_How to complete this task:_
Word for word, write out the entries that follow, omitting all pictures.

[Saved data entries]
=== Section Start ===

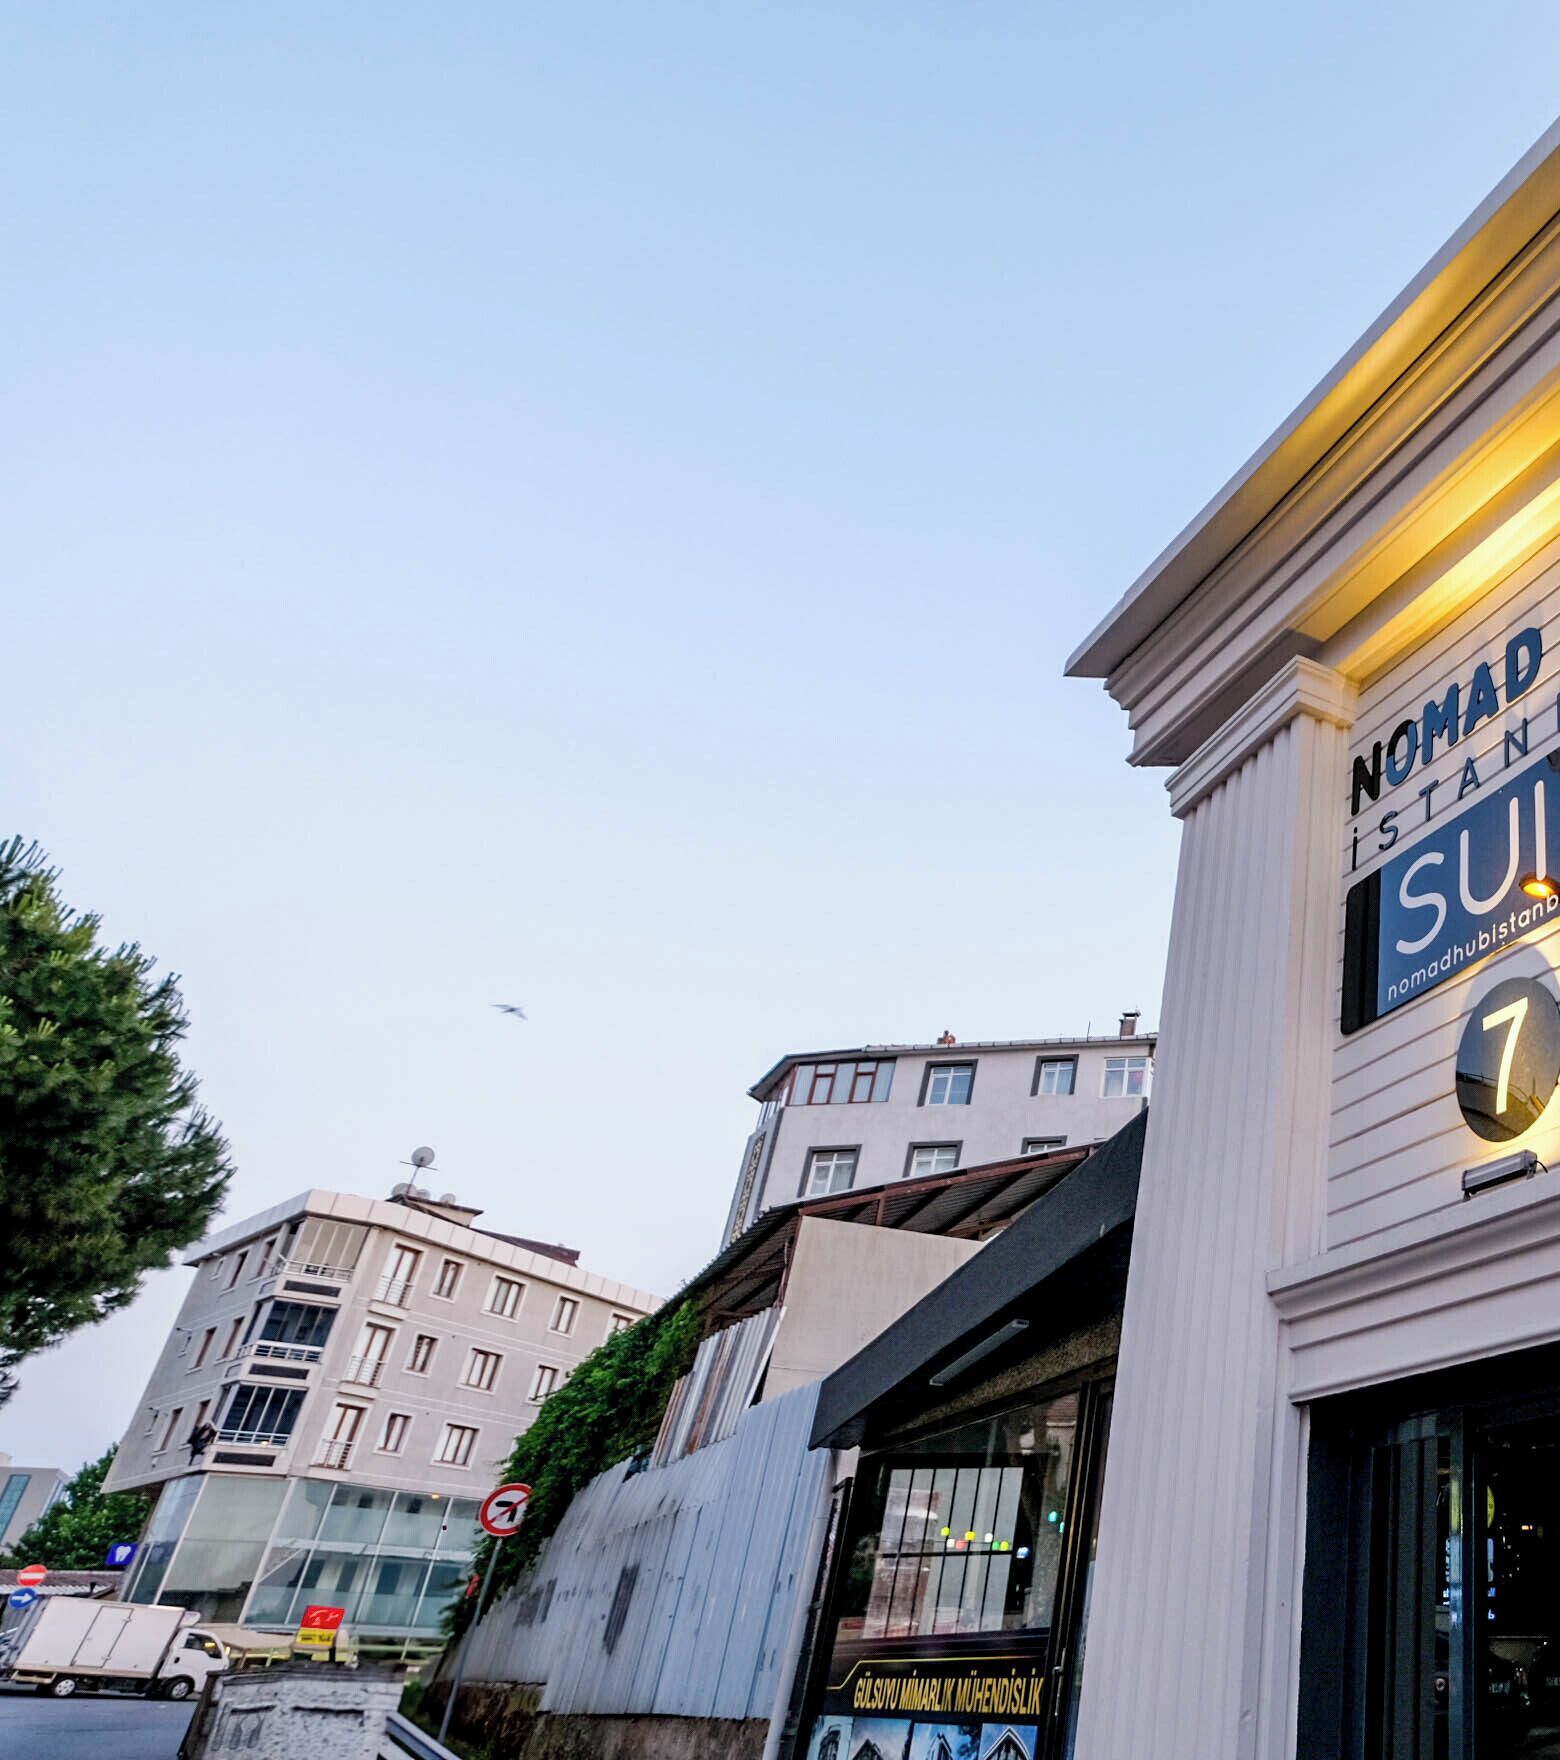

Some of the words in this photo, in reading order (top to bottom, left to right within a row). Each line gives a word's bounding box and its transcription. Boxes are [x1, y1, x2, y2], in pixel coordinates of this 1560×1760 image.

[1351, 627, 1542, 816] NOMAD
[1482, 996, 1529, 1115] 7
[853, 1671, 901, 1710] GÜLSUYU
[899, 1669, 955, 1712] MİMARLIK
[954, 1667, 1044, 1715] MÜHENDİSLİK
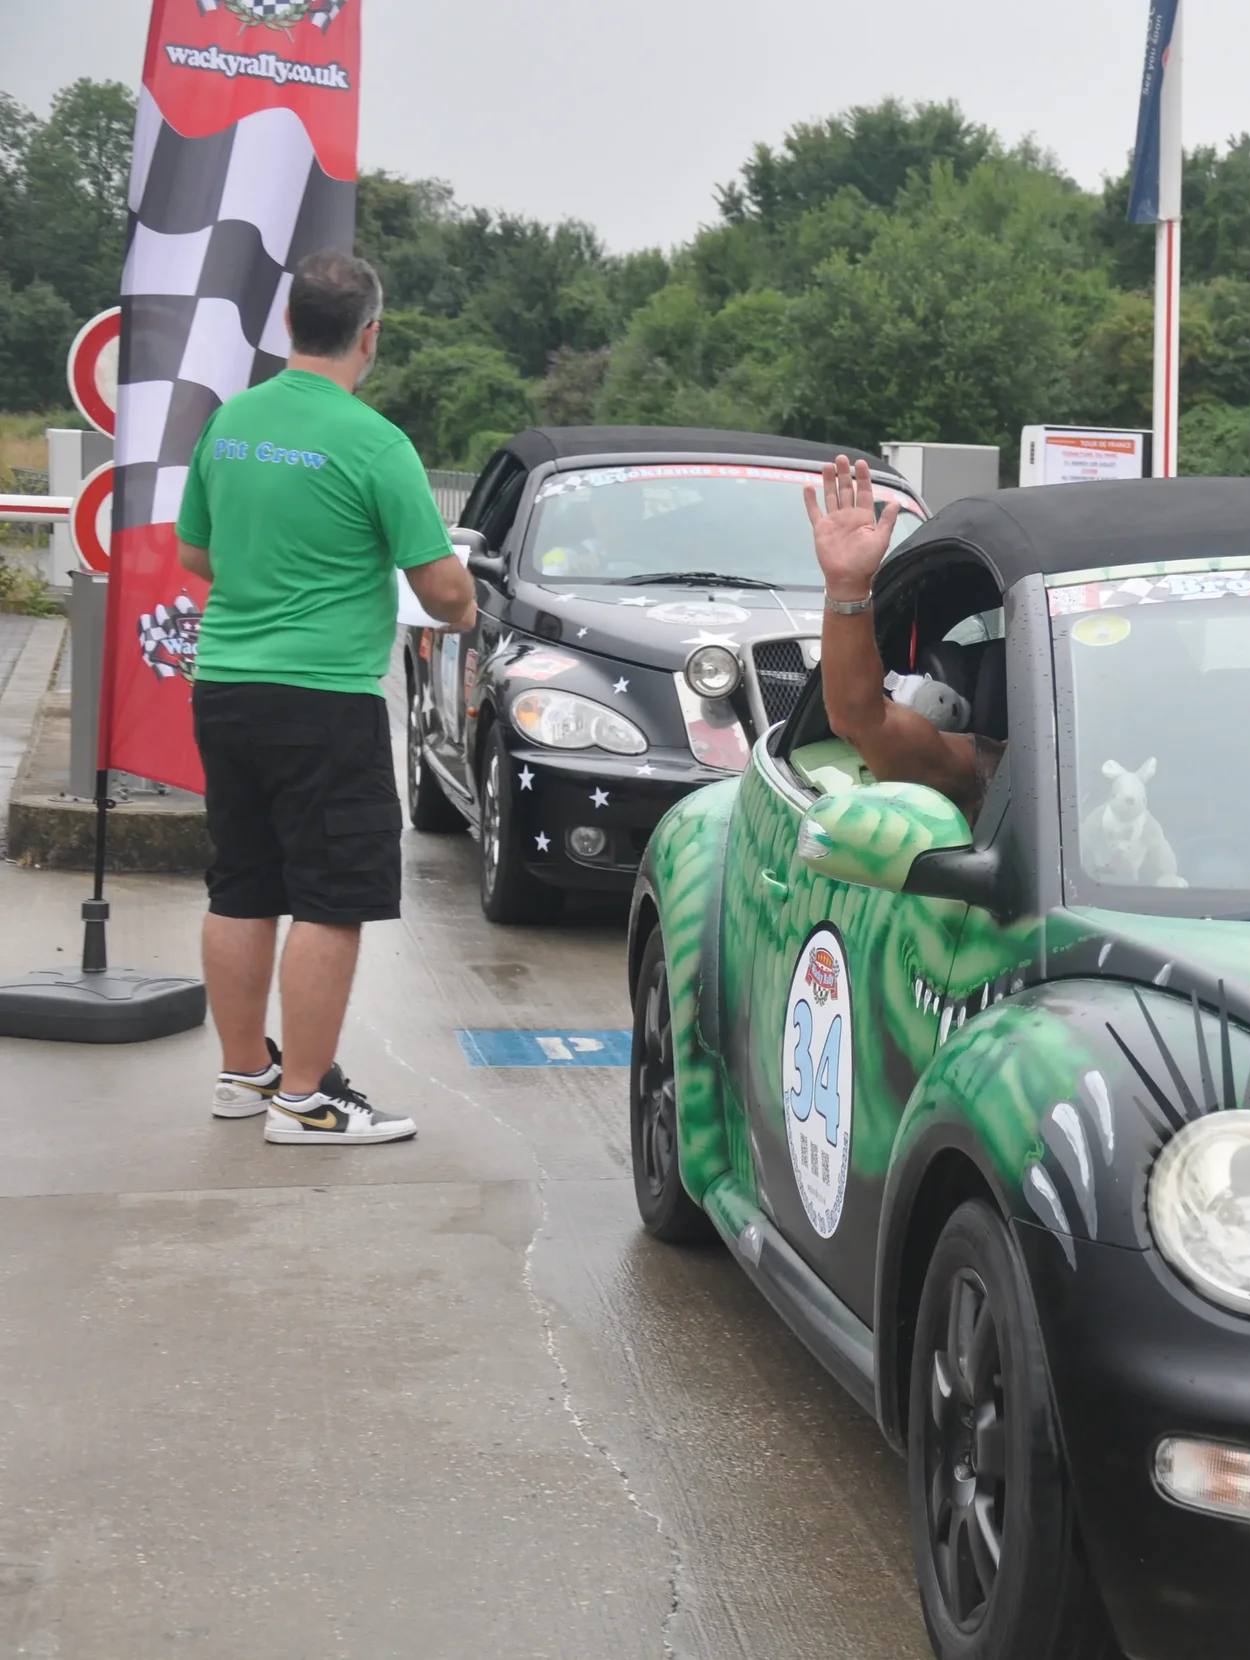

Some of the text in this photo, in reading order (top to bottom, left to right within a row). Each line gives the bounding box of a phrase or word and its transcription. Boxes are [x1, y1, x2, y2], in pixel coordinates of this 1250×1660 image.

=== Section End ===

_Answer for this exercise:_
Some of the words in this photo, in reading order (top to bottom, left to right within a row). Each line gives a word's bounding box and its transcription. Boxes are [x1, y1, x2, y2], in pixel coordinates of this 1560×1760 image.

[1351, 627, 1542, 816] NOMAD
[1482, 996, 1529, 1115] 7
[853, 1671, 901, 1710] GÜLSUYU
[899, 1669, 955, 1712] MİMARLIK
[954, 1667, 1044, 1715] MÜHENDİSLİK

Some of the text in this photo, in reading order (top to bottom, left to right within a row). Each line gives the bounding box of a phrase or word and its transcription. Boxes are [x1, y1, x2, y2], in pixel coordinates of this 1250×1660 image.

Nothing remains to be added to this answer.